In a musical number, Conan sings his own version of Willie Nelson’s “On The Road Again,” replacing the lyrics with “My own show again. I just can’t wait to have my own show again. On any network, even Oxygen.” And in what has become a running joke since his appearance at Google, a squeaky impression of a Tonight Show host-that-shall-not-be-named led Conan to assure the audience that the imitation was of “rapper Ludacris,” since he is contractually bound not to bad-mouth NBC.

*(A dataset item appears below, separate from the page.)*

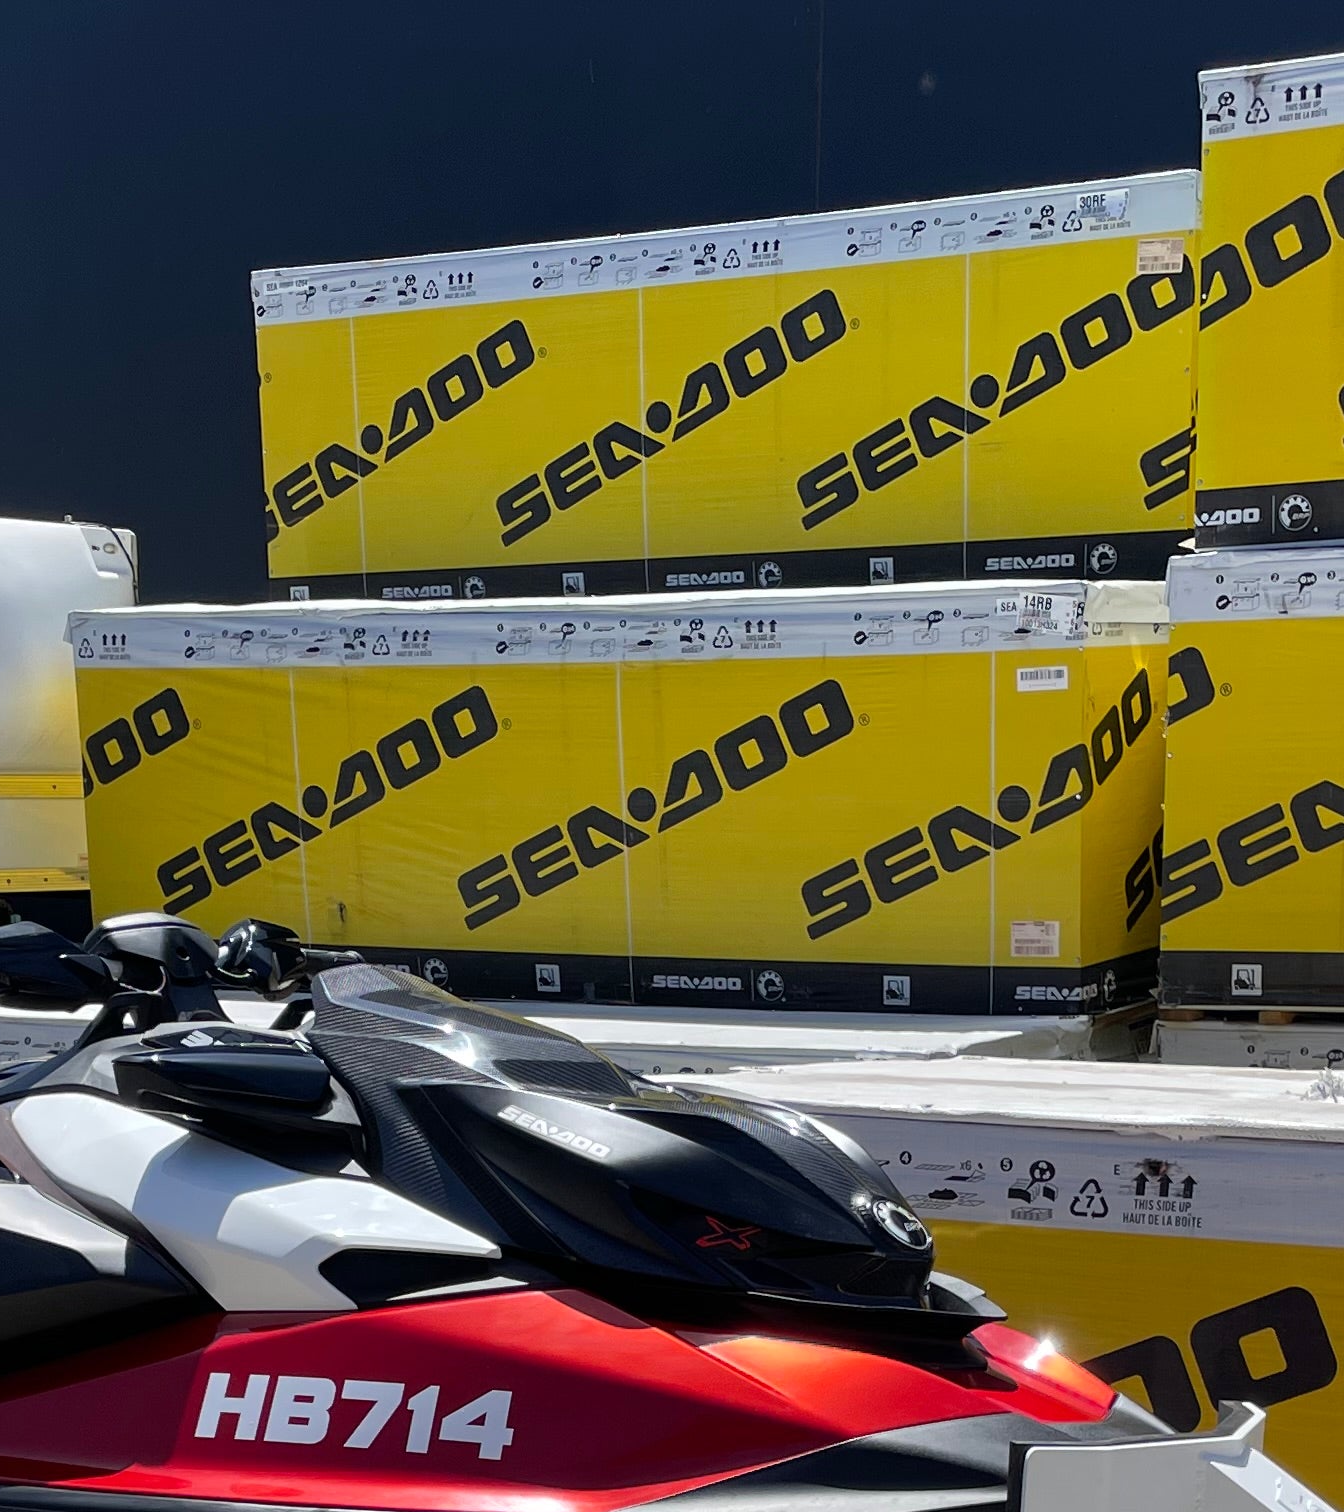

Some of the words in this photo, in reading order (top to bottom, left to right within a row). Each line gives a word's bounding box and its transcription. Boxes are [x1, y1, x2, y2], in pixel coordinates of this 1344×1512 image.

A number of guests added to the night’s festivities. Former co-host, announcer, and “bosom chum” Andy Richter often shared the stage throughout the night, and one of Conan’s writers, Deon Cole, delivered a short set mid-show. Noting that he was Conan’s only black writer and has to field all of the staff’s “black questions,” he asked the crowd if there was an activity they hate to do around black people. “Dancing” was the answer, to which Cole responded “And we hate watching you dance.” He continued, “One lady told me she didn’t like to go to the ATM with black people around. I said, ‘Me too.’” Earlier, eccentric opening act Reggie Watts had the crowd laughing and scratching their heads at the same time. Armed with an array of voices and accents, the dead-pan afro’d comedian/musician toyed with effects pedals to loop his voice, creating a beat first, then layering more melodies and noises on top of it. The bizarre raps and songs Watts then unleashes are unforgettably funny.

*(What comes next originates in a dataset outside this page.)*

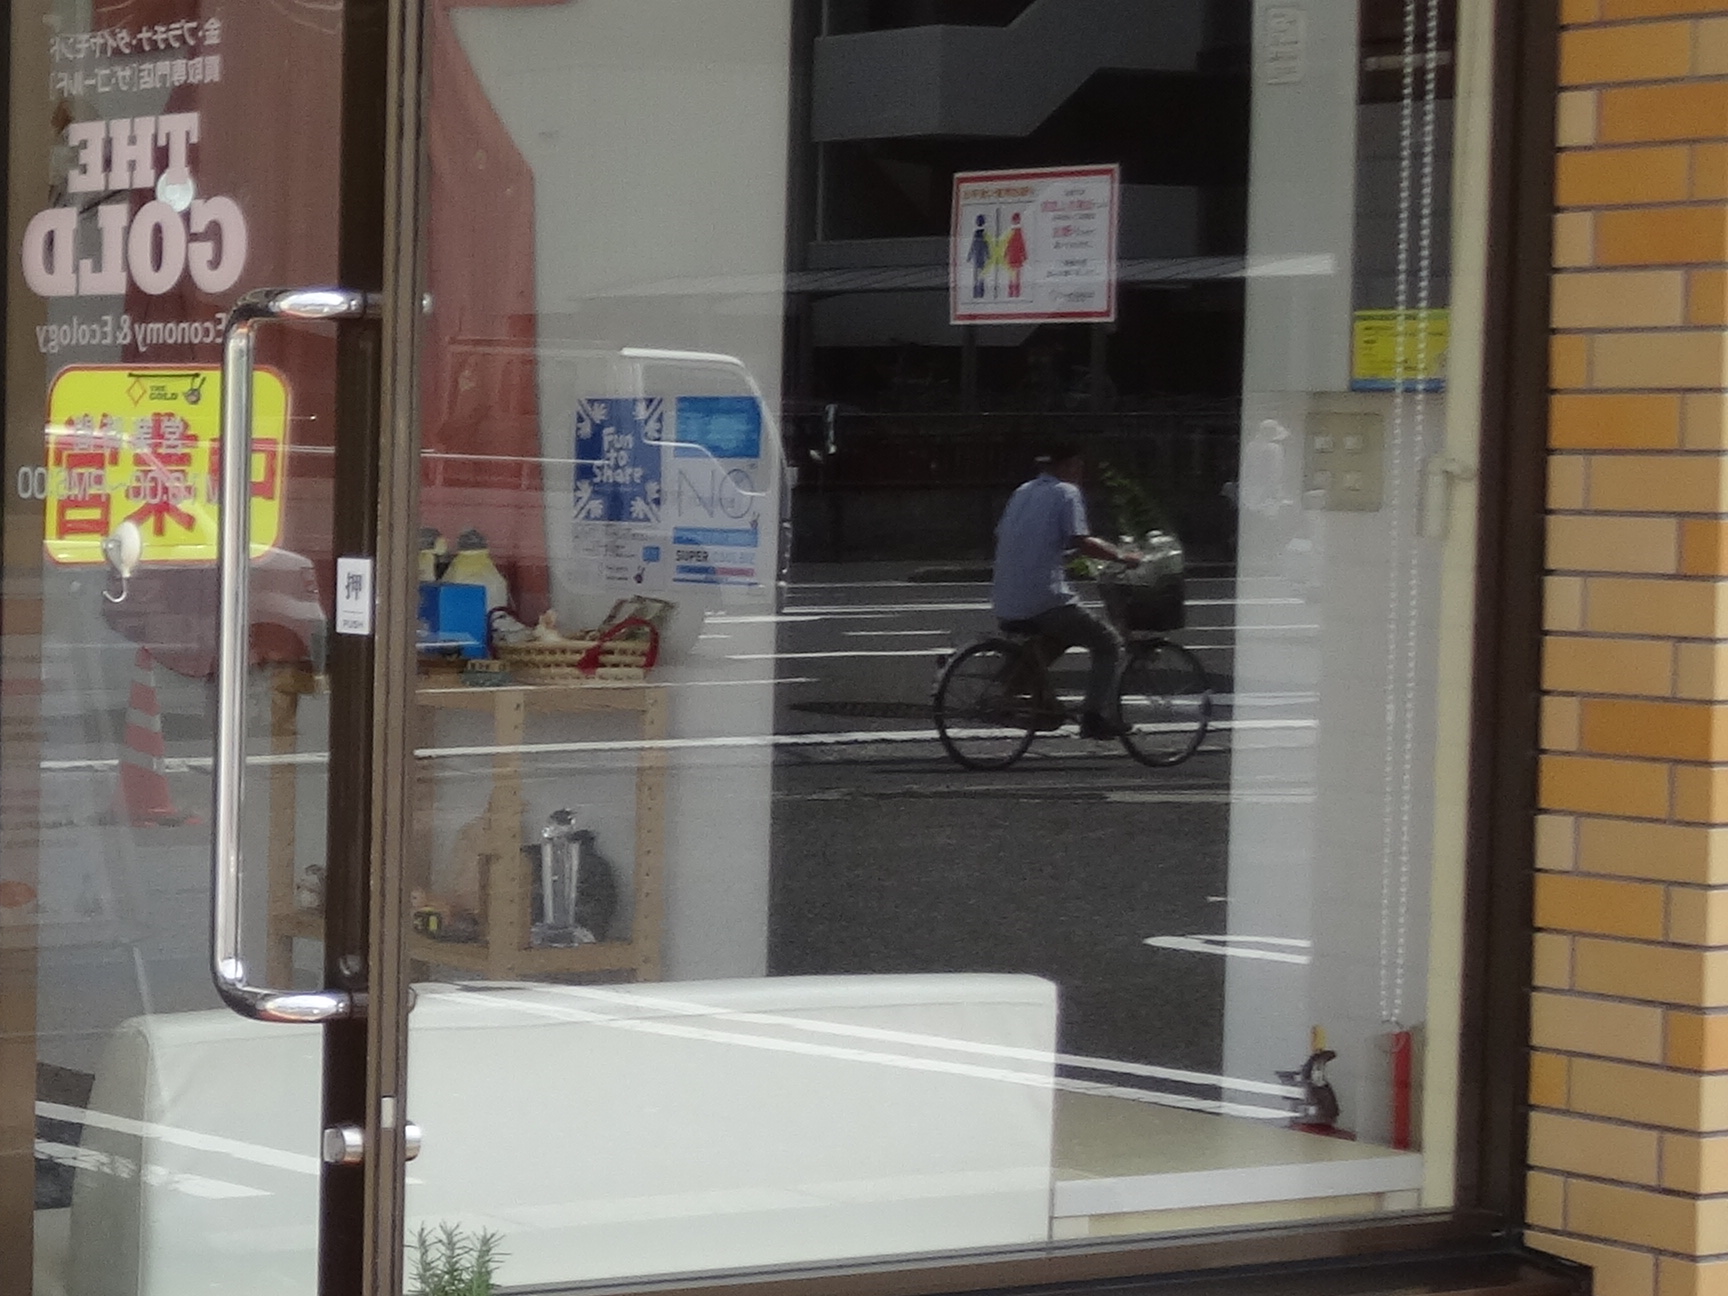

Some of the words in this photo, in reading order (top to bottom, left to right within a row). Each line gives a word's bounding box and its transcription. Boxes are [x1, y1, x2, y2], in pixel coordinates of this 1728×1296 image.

[602, 426, 634, 451] Fun
[675, 549, 710, 562] SUPER
[345, 571, 363, 601] 押

Noting the venue, all the comedians made requisite cracks about “the Wang.” Conan intimated that, while growing up, “It was my dream to perform in a giant penis.” Watts observed that we were in “one of the biggest Wangs in the world.” (By my research, the Wang accommodated about 3,600 this night. The Wang was busy.)
Boston barroom staple and unofficial Red Sox house band the Dropkick Murphys also made an appearance to belt out the anthemic “Shipping Up To Boston” (a.k.a. that accordion song from The Departed that’s everywhere now).

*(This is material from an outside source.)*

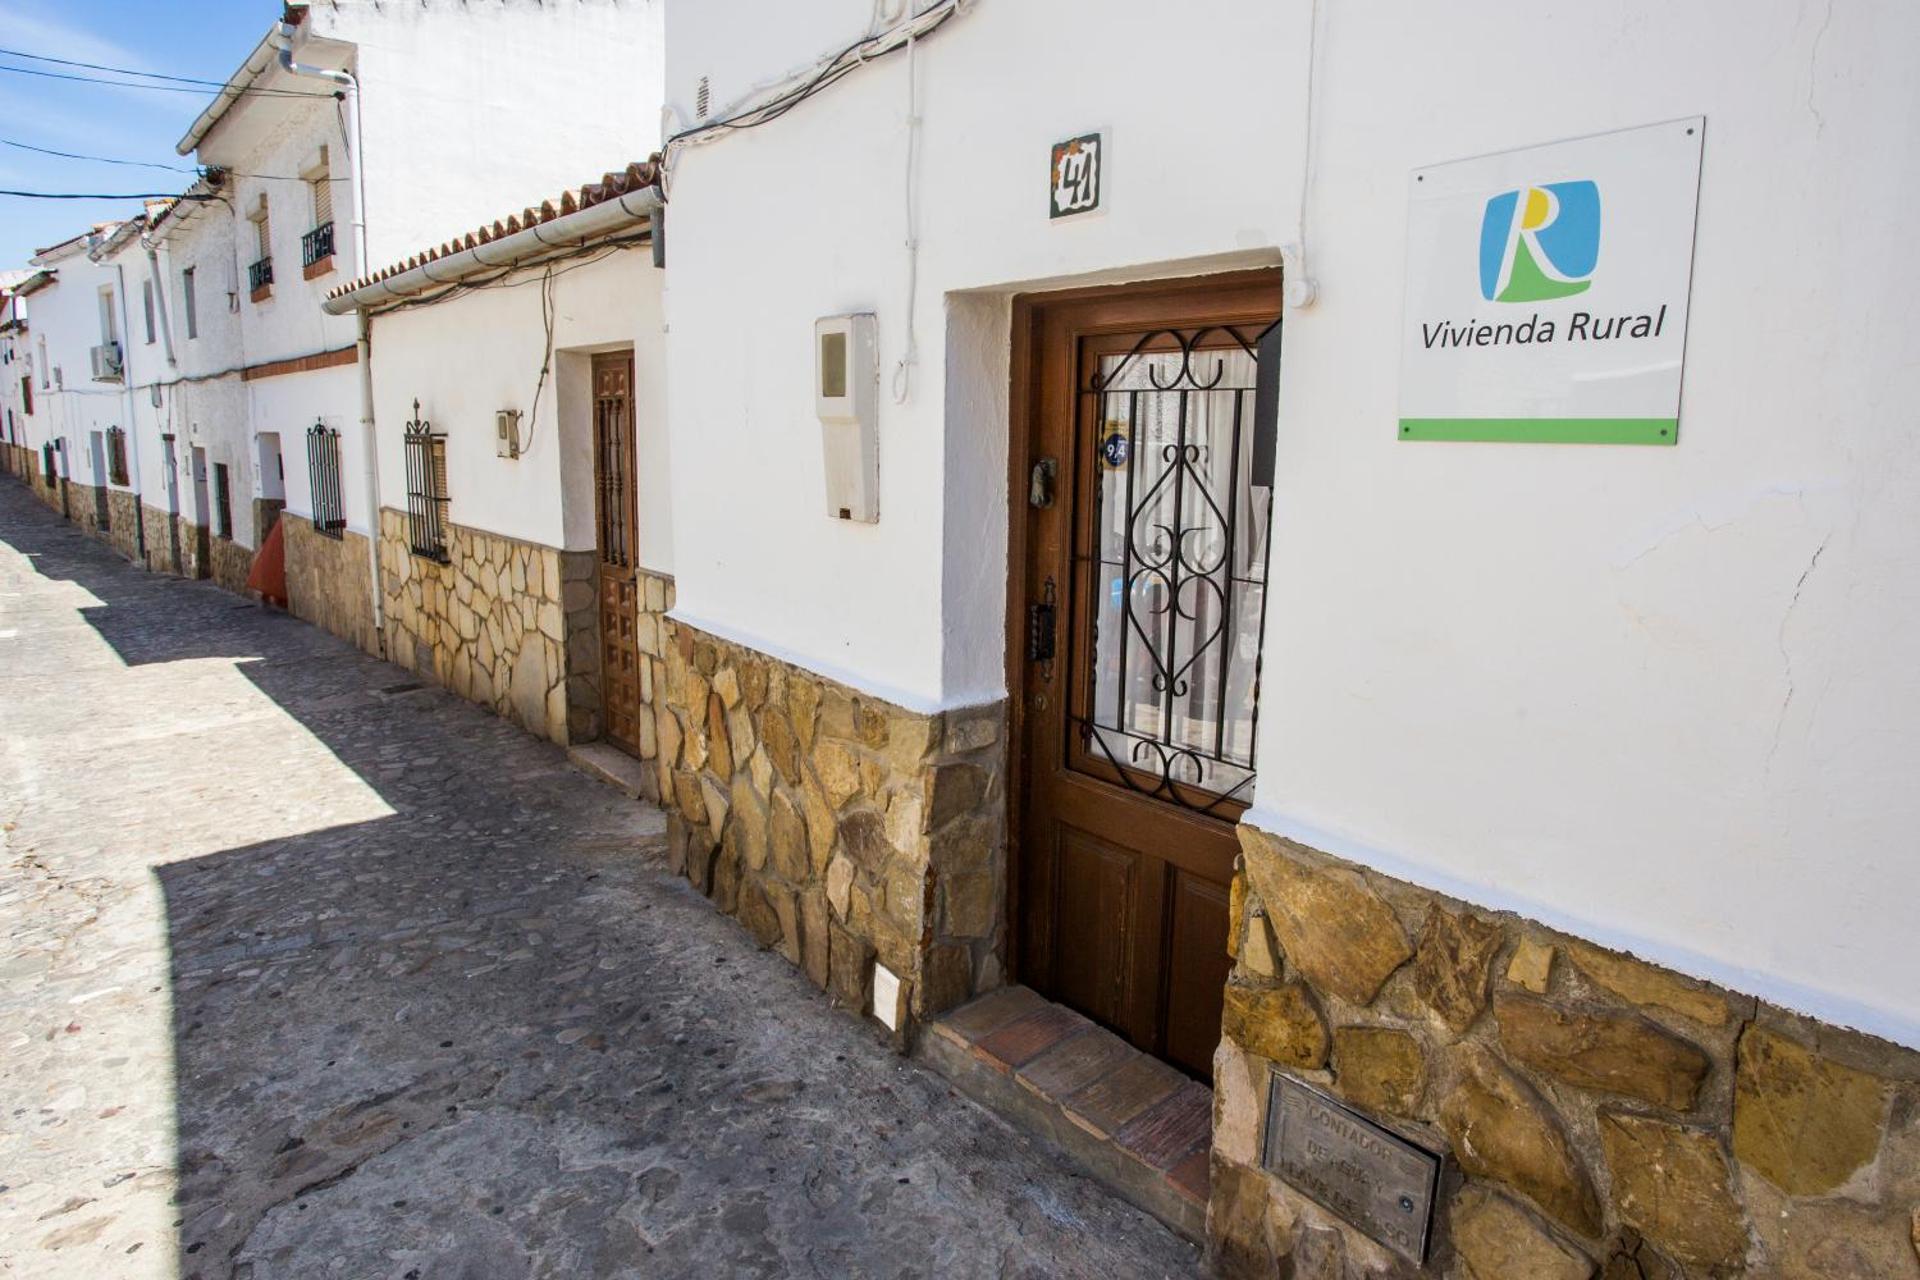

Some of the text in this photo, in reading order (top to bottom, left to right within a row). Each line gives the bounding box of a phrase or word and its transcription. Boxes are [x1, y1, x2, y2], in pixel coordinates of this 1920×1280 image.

[1063, 152, 1092, 205] 41
[1422, 304, 1667, 349] Vivienda Rural
[1308, 1104, 1393, 1163] CONTADOR

Some old favorites from Late Night came along for the ride, as intellectual property rights seem to remain unsettled. Triumph the Insult Comic Dog mailed in a hastily made video with (intentionally) poor dubbings of city-specific barbs. The Walker Texas Ranger Lever was rechristened the Walker Texas Ranger Handle, and the crowd was treated to a number of classic scenes, including the infamous “Walker told me I have AIDS” clip.
Even the Masturbating Bear joined everyone on stage for a Dropkick Murphys-aided encore of “The Weight” by The Band and old rockabilly number “Forty Days” by Ronnie Hawkins. The crowd of fans happily ate it up as the finale went into full swing. Strobe lights pulsed, a giant inflatable bat swayed and smiled awkwardly (bought second-hand from Meatloaf’s Bat Out Of Hell Tour, they claimed), and Conan ran through the theater as giant balls — featuring his face — dropped onto the crowd, to be batted around Flaming Lips-style. It was a helter-skelter send-off, and it was more than fitting that, after a night featuring some wonderfully juvenile humor, Coco’s Wang performance ended with the audience playing with his balls.